The Santa Fe New Mexican (Cars & Trucks)

April 18, 1998

He’s happy to serve the community

Ari Gordon was raised in Chimayo, and then moved to Boston when he was 14. He joined the Navy as a diver, and when honorably discharged, he and his wife moved to Rio Rancho in 1989. After working for several Ford dealerships in the area, Gordon decided that he had a better idea on how to run a customer satisfaction based business, so in December 1996, he opened Master Tech Auto Repair, and is very pleased with the results. Now he and his family live in Santa Fe.

Do you remember your first car?
I was 20 when I bought a 1976 Datsun, and then later it blew the head gaskets.
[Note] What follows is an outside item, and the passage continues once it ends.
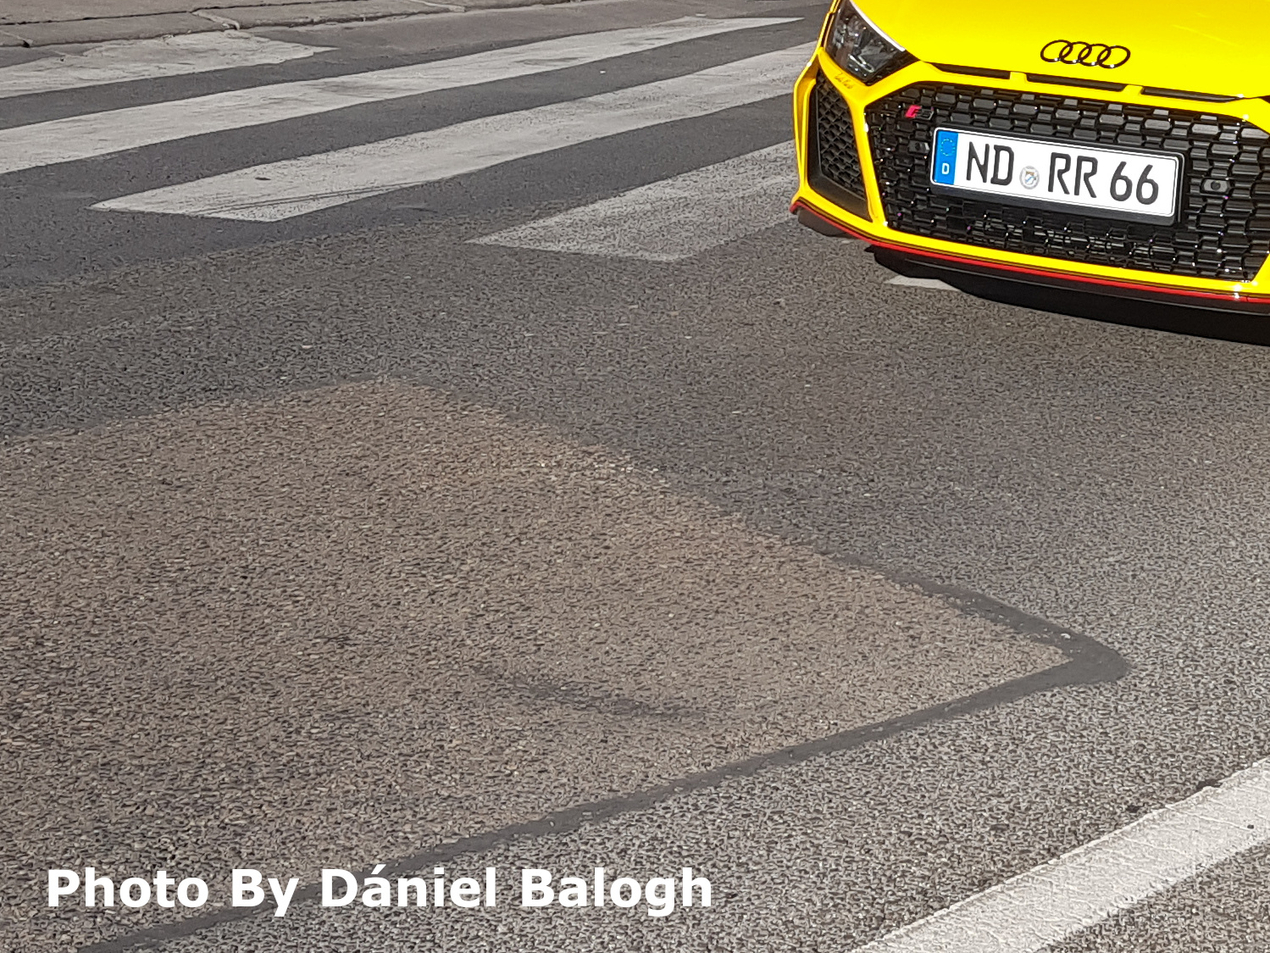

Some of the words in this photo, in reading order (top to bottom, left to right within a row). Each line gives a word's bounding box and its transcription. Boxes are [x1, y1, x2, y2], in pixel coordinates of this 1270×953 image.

When did the love of cars first bite you?
Right after the Datsun, I bought a 1980 Jeep, and the day I drove it off the dealership lot, it had a knock in the engine, so I went back and told them I just spent everything I had on this car and it needed an engine. They said, “ Tough.” It was then that I realized I had bad karma with cars, and decided that I had better learn how to repair these things. So I went to Automotive Technical Institute in Virginia at night while I was in the Navy, and then rebuilt my Jeep engine.

What do you do?
I do everything from A to Z on Fords. We specialize in Fords.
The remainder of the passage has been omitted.